Albrecht G. von Olenhusen, Gerd Paulus (Hg.): Oben bleiben!!! Manifeste und Bilder des Protests. Kein & Aber 2010. Taschenbuch, 208 Seiten. 10 Euro.
Ulrich und Sybille Weitz (Hg.): Der Stuttgarter Bauzaun. Phantasie des Protests. Silberburg, 3. Auflage 2011. Gebundene Ausgabe, 96 Seiten. 15 Euro.
Jürgen Blümle: Bäume im Stuttgarter Schlossgarten. Silberburg 2010. Gebundene Ausgabe, 60 Seiten. 12 Euro.
Mörderischer Bahnhofsstreit
Während Krimi-Autor Wolfgang Schorlau ein Sachbuch herausgab, wurde der in Stuttgart lebende österreichische Künstler und Schriftsteller Heinrich Steinfest, so erzählte er in der Sendung „Literatur im Foyer“, vom Theiss Verlag gefragt, ob er nicht einen Krimi zum Thema schreiben möchte. Heraus kam dabei „Wo die Löwen weinen“. Es kommen vor: Ein Archäologe, ein arbeitsloser Durchschnittsbürger, der aus Stuttgart stammende, in München wohnende Kommissar Rosenblüt, eine altertümliche Maschine und ein Hund von philosophischem Gemüt. Einfach nur einen Roman über Machenschaften rund um das Bauprojekt schreiben, wollte Steinfest, eigenen Angaben zufolge, nicht. Wo er steht, ist aber klar, denn er schrieb auch einen Text für das Buch seines Krimikollegen Schorlau.

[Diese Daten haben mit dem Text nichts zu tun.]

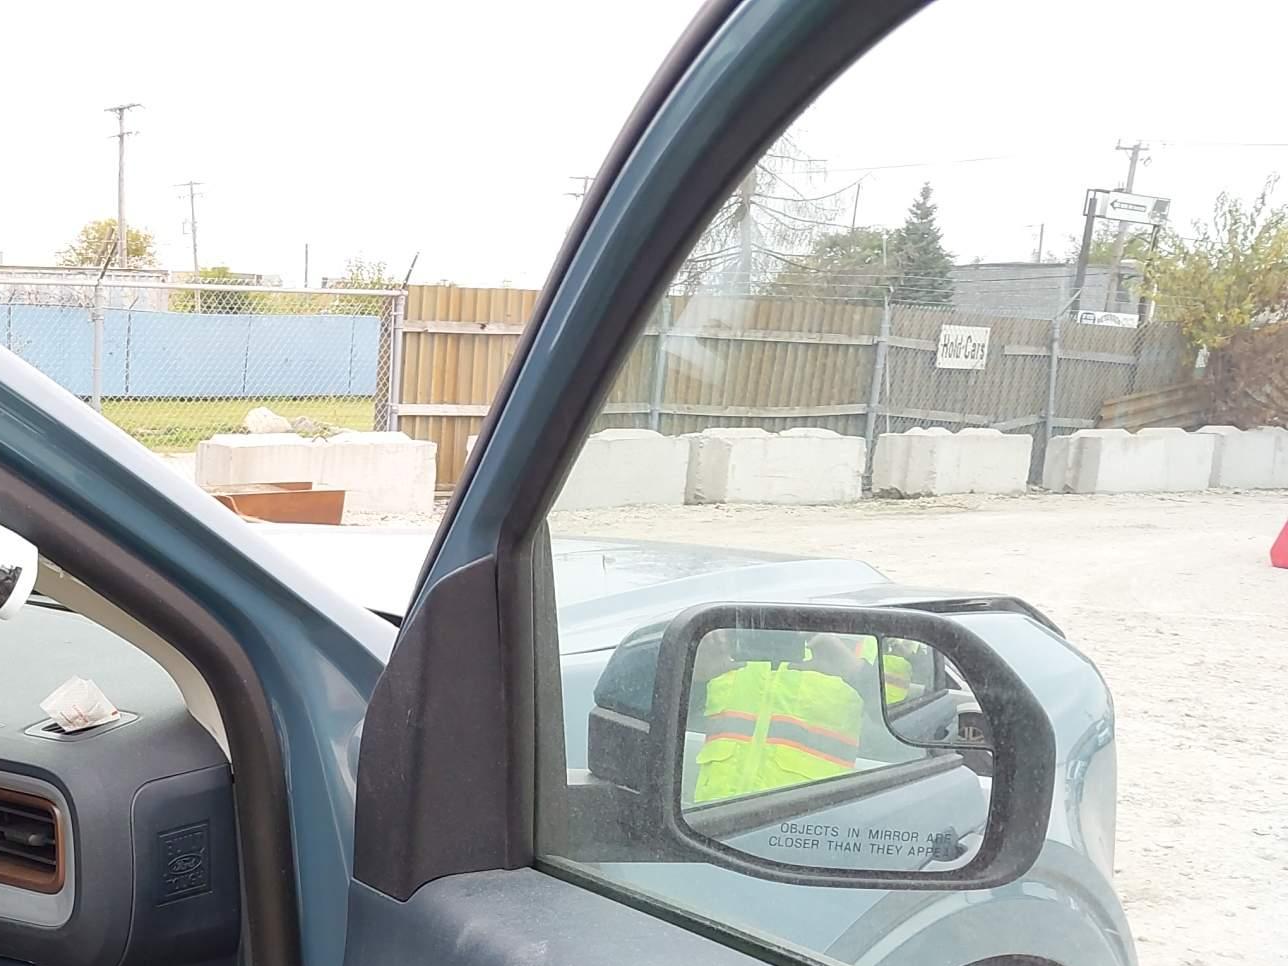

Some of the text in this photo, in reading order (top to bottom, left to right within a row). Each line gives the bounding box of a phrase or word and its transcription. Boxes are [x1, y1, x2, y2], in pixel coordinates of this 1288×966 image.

[780, 822, 952, 843] OBJECTS IN MIRROR ARE
[768, 836, 952, 858] CLOSER THAN THEY APPE

Als Regionalkrimi kann man Steinfests „Wo die Löwen weinen“ nicht eingestufen, doch auch in diesem Genre gibt es einiges über Stuttgart 21, wenngleich das Bauprojekt, zumindest vordergründig, nicht immer im Mittelpunkt steht. Es kann, wie bei Christine Lehmann, auch mal um den Literaturbetrieb gehen oder um einen Maultaschenfabrikanten, wie bei Klaus Wanninger − über S21 kann man eben auf vielerlei Weise schreiben. Wem Krimis allerdings zu aufregend sind, dem bleibt nur noch eins: Das Büchlein „Frau Schächtele will oben bleiben“ erzählt von einer toughen Oma mit Dutt und wer glaubt, eine Oma mit Dutt und der Bahnhofsstreit passten nicht zusammen, der irrt. Schließlich kann man den S21-Zoff ja auch mit einem Mord an einem Maultäschlesfabrikanten kombinieren und dass der Literaturbetrieb und Stuttgart 21 zusammengehen, ist eh klar.
Heinrich Steinfest: Wo die Löwen weinen. Theiss 2011. Gebundene Ausgabe, 280 Seiten. 19,90 Euro.

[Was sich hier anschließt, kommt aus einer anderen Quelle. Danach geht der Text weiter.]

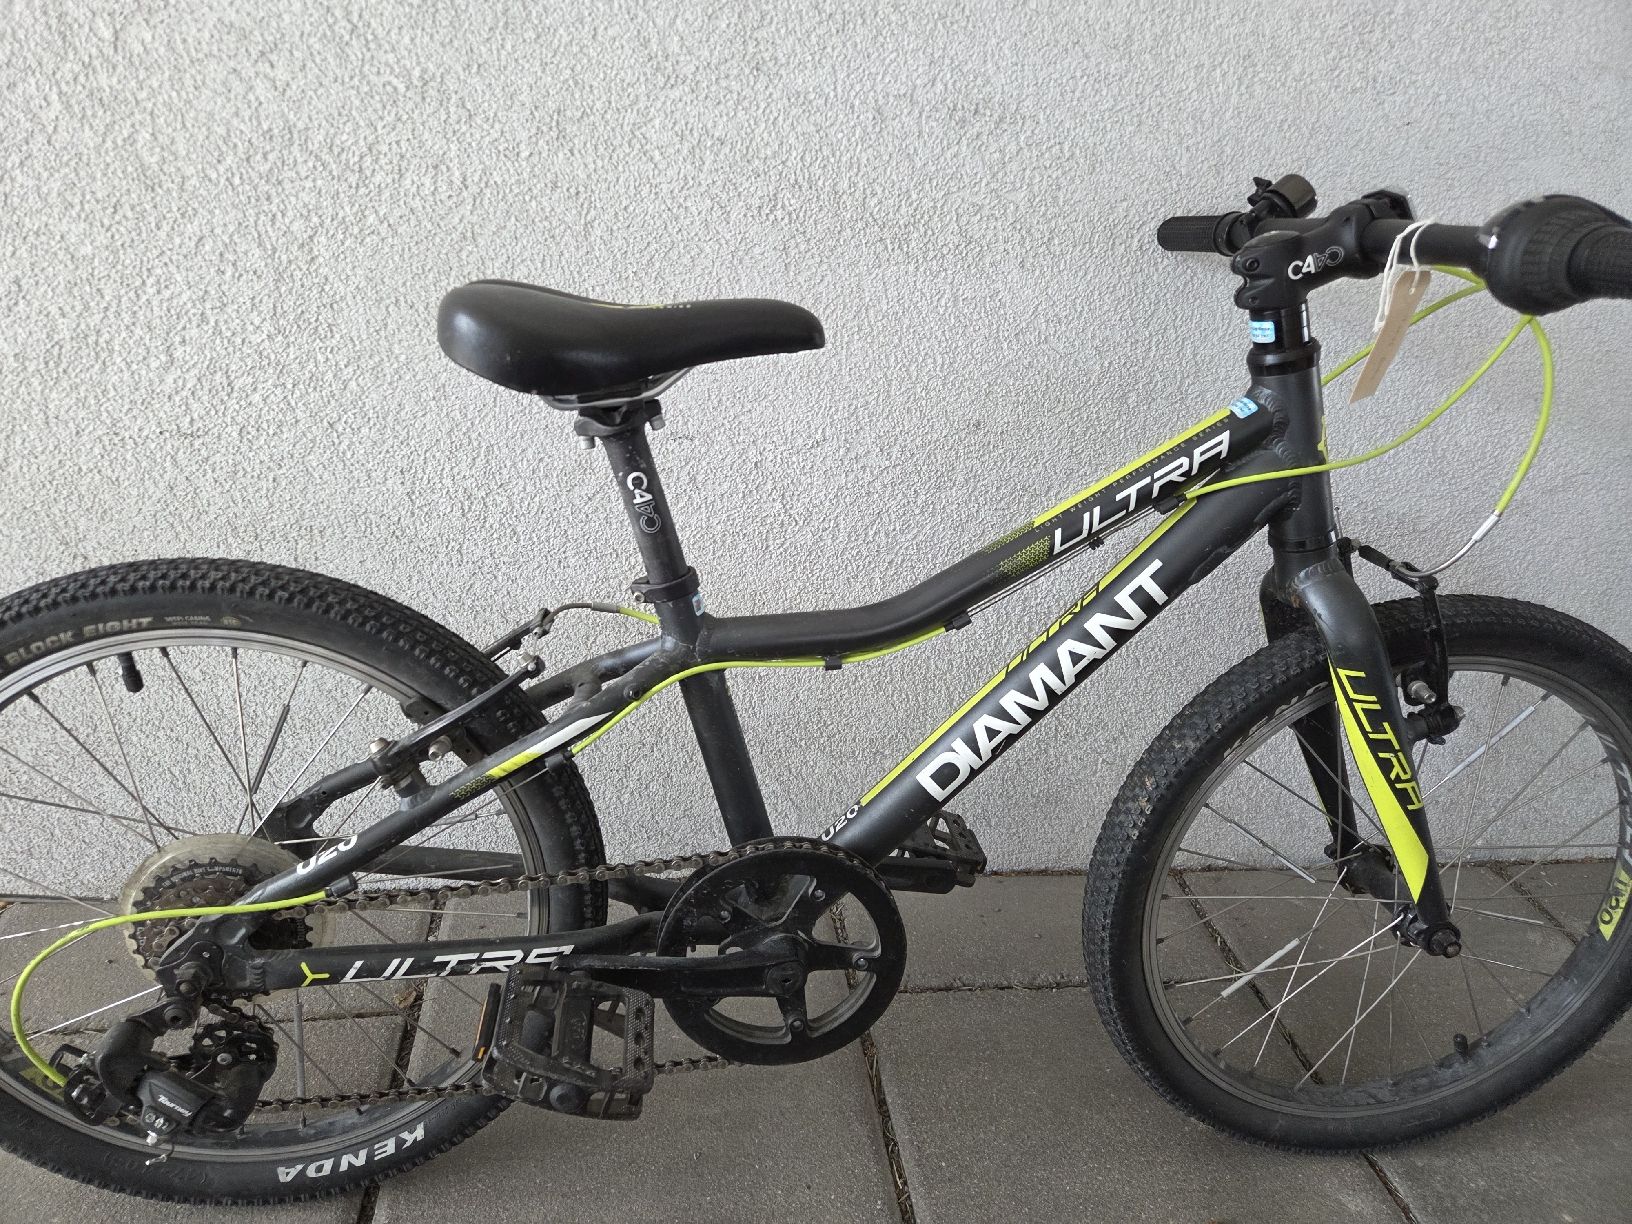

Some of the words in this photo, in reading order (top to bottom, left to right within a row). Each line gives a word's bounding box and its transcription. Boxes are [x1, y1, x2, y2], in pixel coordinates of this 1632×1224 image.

[1053, 430, 1230, 555] ULTRA
[4, 629, 75, 666] BLOCK
[83, 617, 154, 638] EIGHT
[915, 558, 1169, 802] DIAMANT
[1336, 667, 1424, 811] ULTRA
[821, 804, 859, 841] U20
[276, 1121, 426, 1183] KENDA

Stefanie Wider-Groth: Schlossgartensterben. Theiss 2011. Taschenbuch, 240 Seiten. 12,90 Euro.
Michael Krug: Bahnhofsmission. Gmeiner, 4. Auflage 2010. Taschenbuch 273 Seiten. 9,90 Euro.
Klaus Wanninger: Schwabensommer. kbv 2010. Broschiert, 343 Seiten. 9,90 Euro.
Christine Lehmann: Malefitzkrott. Argument Verlag 2010. Taschenbuch 318 Seiten. 11 Euro.
Monika Spang, Kostas Koufogiorgos: Frau Schächtele will oben bleiben. Silberburg 2011. Gebunden, 32 Seiten. 6,95 Euro.